EXCERPTED DATA
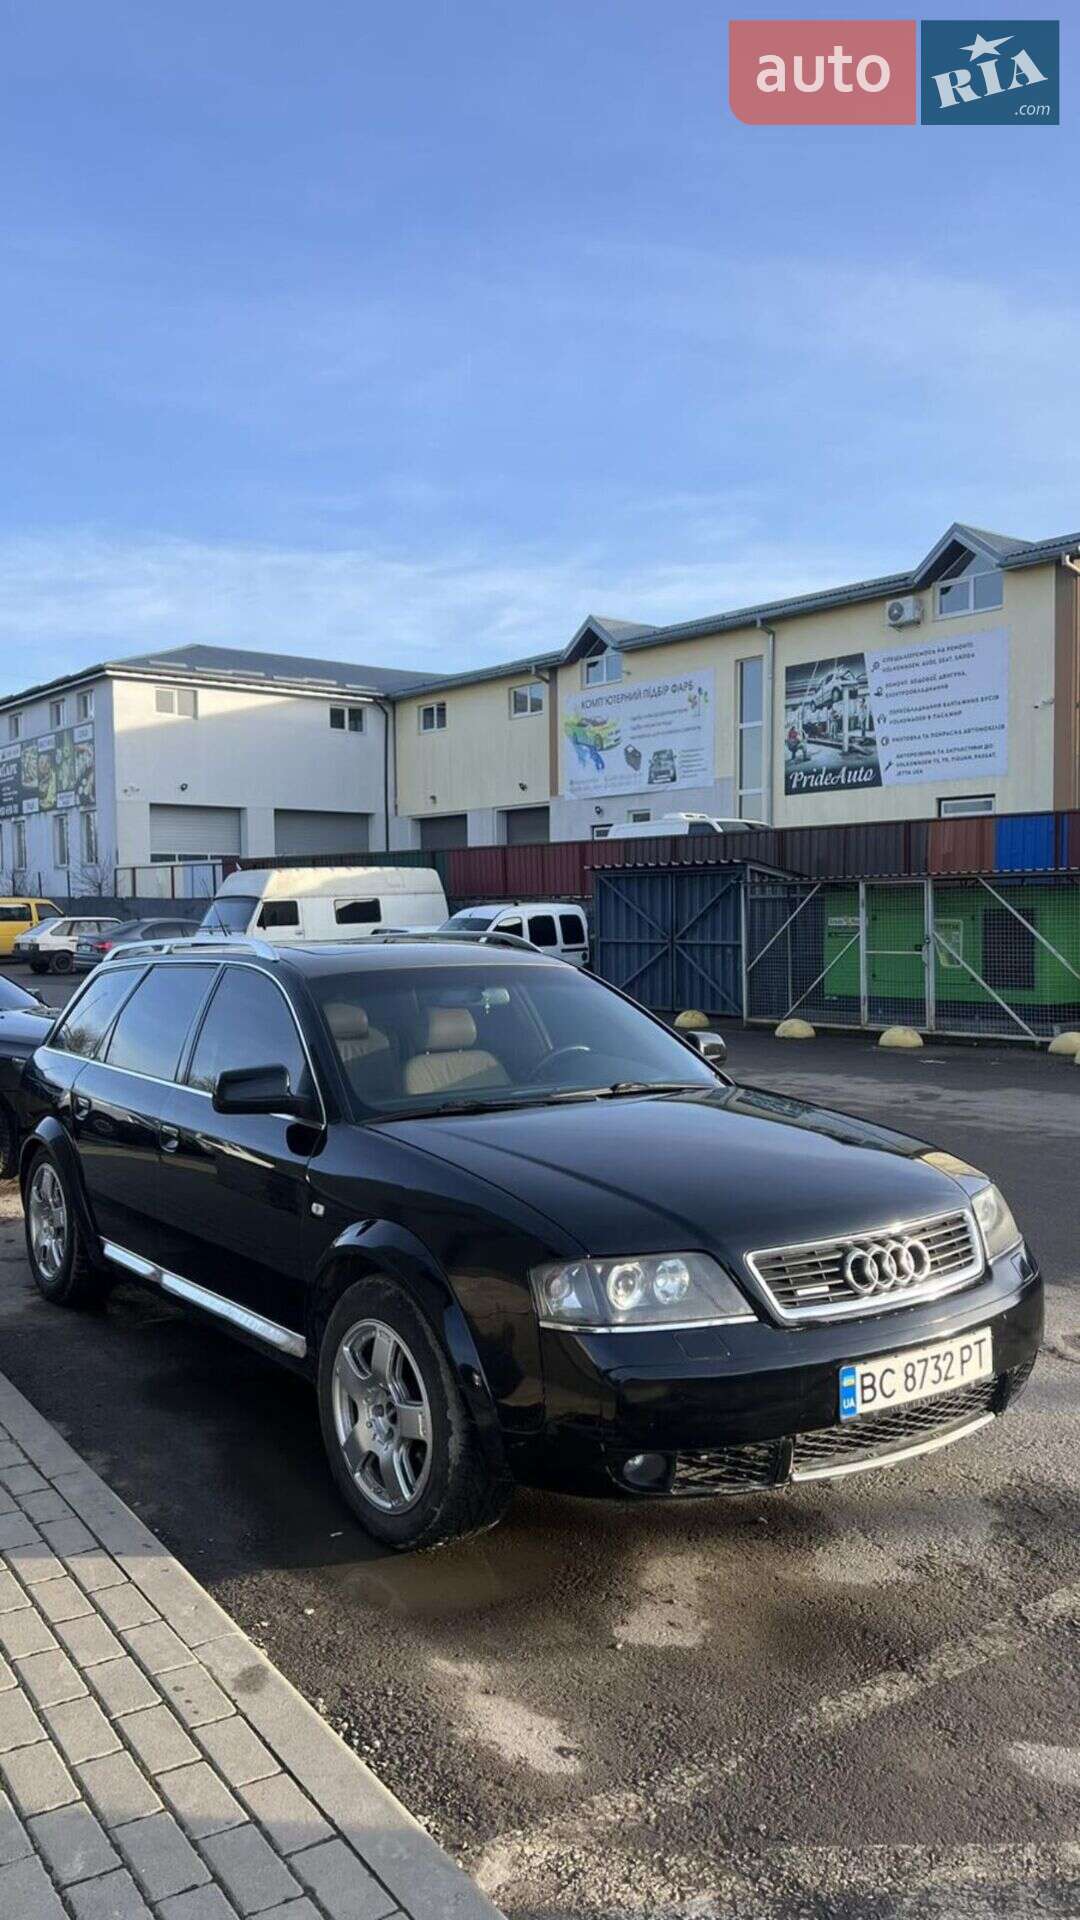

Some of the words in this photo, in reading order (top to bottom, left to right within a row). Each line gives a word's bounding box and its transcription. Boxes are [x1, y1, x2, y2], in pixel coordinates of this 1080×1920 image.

[789, 765, 876, 789] PrideAuto
[860, 1368, 896, 1404] BC
[904, 1352, 955, 1393] 8732
[960, 1338, 986, 1376] PT
[843, 1398, 855, 1409] UA

WHAT IS BEING ASKED
After dropping every picture, transcribe each entry exactly.

ANSWER SPACE
Some of the words in this photo, in reading order (top to bottom, left to right within a row). Each line gives a word's bounding box and its transcription. Boxes are [x1, y1, x2, y2], in pixel coordinates of this 1080×1920 image.

[789, 765, 876, 789] PrideAuto
[860, 1368, 896, 1404] BC
[904, 1352, 955, 1393] 8732
[960, 1338, 986, 1376] PT
[843, 1398, 855, 1409] UA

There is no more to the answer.